* [WHAT TO DO]
Here are some records. Copy each one exactly.

* [RECORD EXTRACTS]
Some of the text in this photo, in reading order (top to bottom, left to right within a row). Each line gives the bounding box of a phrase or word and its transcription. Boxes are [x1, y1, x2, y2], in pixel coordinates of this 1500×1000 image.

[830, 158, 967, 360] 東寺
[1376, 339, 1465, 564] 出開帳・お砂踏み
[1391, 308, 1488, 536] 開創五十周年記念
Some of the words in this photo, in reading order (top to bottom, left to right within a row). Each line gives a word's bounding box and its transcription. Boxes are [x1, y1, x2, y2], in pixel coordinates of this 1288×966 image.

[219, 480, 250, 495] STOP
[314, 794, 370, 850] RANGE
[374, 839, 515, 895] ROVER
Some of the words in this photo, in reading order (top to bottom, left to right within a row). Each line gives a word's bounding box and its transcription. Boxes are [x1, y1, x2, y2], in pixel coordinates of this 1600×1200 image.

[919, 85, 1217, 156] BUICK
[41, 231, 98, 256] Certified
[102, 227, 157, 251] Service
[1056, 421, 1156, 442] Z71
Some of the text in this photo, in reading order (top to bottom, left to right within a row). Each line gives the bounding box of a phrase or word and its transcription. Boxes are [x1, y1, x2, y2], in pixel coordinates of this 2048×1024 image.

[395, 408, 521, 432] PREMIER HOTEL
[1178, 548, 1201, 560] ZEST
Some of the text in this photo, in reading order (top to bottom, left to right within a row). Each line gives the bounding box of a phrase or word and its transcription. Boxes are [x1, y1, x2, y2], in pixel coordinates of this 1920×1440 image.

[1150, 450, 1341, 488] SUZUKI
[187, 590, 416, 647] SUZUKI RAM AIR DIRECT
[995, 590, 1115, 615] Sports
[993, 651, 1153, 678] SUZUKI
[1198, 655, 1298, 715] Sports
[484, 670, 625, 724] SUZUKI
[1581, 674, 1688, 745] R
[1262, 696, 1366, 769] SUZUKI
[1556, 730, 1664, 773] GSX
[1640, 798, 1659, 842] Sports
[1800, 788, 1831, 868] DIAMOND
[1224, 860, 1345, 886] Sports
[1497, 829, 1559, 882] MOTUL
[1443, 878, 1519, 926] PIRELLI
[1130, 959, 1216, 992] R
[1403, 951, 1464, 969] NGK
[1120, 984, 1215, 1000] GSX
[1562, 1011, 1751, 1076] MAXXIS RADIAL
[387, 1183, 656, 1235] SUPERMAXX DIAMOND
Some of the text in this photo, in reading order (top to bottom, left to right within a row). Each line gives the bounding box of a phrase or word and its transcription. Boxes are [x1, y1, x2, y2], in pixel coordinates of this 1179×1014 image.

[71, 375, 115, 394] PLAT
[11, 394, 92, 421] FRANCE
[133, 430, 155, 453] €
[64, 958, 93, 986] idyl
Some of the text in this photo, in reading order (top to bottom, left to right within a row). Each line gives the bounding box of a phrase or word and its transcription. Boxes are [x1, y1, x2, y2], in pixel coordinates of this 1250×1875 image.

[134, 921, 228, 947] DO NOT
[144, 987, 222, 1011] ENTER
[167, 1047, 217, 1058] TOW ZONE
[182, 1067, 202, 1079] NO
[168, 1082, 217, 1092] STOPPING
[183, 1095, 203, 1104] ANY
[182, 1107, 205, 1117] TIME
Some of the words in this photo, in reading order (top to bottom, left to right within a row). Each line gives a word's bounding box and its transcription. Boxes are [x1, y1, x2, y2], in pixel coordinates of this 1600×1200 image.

* [EXERCISE SOLUTION]
Some of the text in this photo, in reading order (top to bottom, left to right within a row). Each line gives the bounding box of a phrase or word and its transcription. Boxes are [x1, y1, x2, y2], in pixel coordinates of this 1500×1000 image.

[830, 158, 967, 360] 東寺
[1376, 339, 1465, 564] 出開帳・お砂踏み
[1391, 308, 1488, 536] 開創五十周年記念
Some of the words in this photo, in reading order (top to bottom, left to right within a row). Each line gives a word's bounding box and its transcription. Boxes are [x1, y1, x2, y2], in pixel coordinates of this 1288×966 image.

[219, 480, 250, 495] STOP
[314, 794, 370, 850] RANGE
[374, 839, 515, 895] ROVER
Some of the words in this photo, in reading order (top to bottom, left to right within a row). Each line gives a word's bounding box and its transcription. Boxes are [x1, y1, x2, y2], in pixel coordinates of this 1600×1200 image.

[919, 85, 1217, 156] BUICK
[41, 231, 98, 256] Certified
[102, 227, 157, 251] Service
[1056, 421, 1156, 442] Z71
Some of the text in this photo, in reading order (top to bottom, left to right within a row). Each line gives the bounding box of a phrase or word and its transcription. Boxes are [x1, y1, x2, y2], in pixel coordinates of this 2048×1024 image.

[395, 408, 521, 432] PREMIER HOTEL
[1178, 548, 1201, 560] ZEST
Some of the text in this photo, in reading order (top to bottom, left to right within a row). Each line gives the bounding box of a phrase or word and its transcription. Boxes are [x1, y1, x2, y2], in pixel coordinates of this 1920×1440 image.

[1150, 450, 1341, 488] SUZUKI
[187, 590, 416, 647] SUZUKI RAM AIR DIRECT
[995, 590, 1115, 615] Sports
[993, 651, 1153, 678] SUZUKI
[1198, 655, 1298, 715] Sports
[484, 670, 625, 724] SUZUKI
[1581, 674, 1688, 745] R
[1262, 696, 1366, 769] SUZUKI
[1556, 730, 1664, 773] GSX
[1640, 798, 1659, 842] Sports
[1800, 788, 1831, 868] DIAMOND
[1224, 860, 1345, 886] Sports
[1497, 829, 1559, 882] MOTUL
[1443, 878, 1519, 926] PIRELLI
[1130, 959, 1216, 992] R
[1403, 951, 1464, 969] NGK
[1120, 984, 1215, 1000] GSX
[1562, 1011, 1751, 1076] MAXXIS RADIAL
[387, 1183, 656, 1235] SUPERMAXX DIAMOND
Some of the text in this photo, in reading order (top to bottom, left to right within a row). Each line gives the bounding box of a phrase or word and its transcription. Boxes are [x1, y1, x2, y2], in pixel coordinates of this 1179×1014 image.

[71, 375, 115, 394] PLAT
[11, 394, 92, 421] FRANCE
[133, 430, 155, 453] €
[64, 958, 93, 986] idyl
Some of the text in this photo, in reading order (top to bottom, left to right within a row). Each line gives the bounding box of a phrase or word and its transcription. Boxes are [x1, y1, x2, y2], in pixel coordinates of this 1250×1875 image.

[134, 921, 228, 947] DO NOT
[144, 987, 222, 1011] ENTER
[167, 1047, 217, 1058] TOW ZONE
[182, 1067, 202, 1079] NO
[168, 1082, 217, 1092] STOPPING
[183, 1095, 203, 1104] ANY
[182, 1107, 205, 1117] TIME
Some of the words in this photo, in reading order (top to bottom, left to right within a row). Each line gives a word's bounding box and its transcription. Boxes are [x1, y1, x2, y2], in pixel coordinates of this 1600×1200 image.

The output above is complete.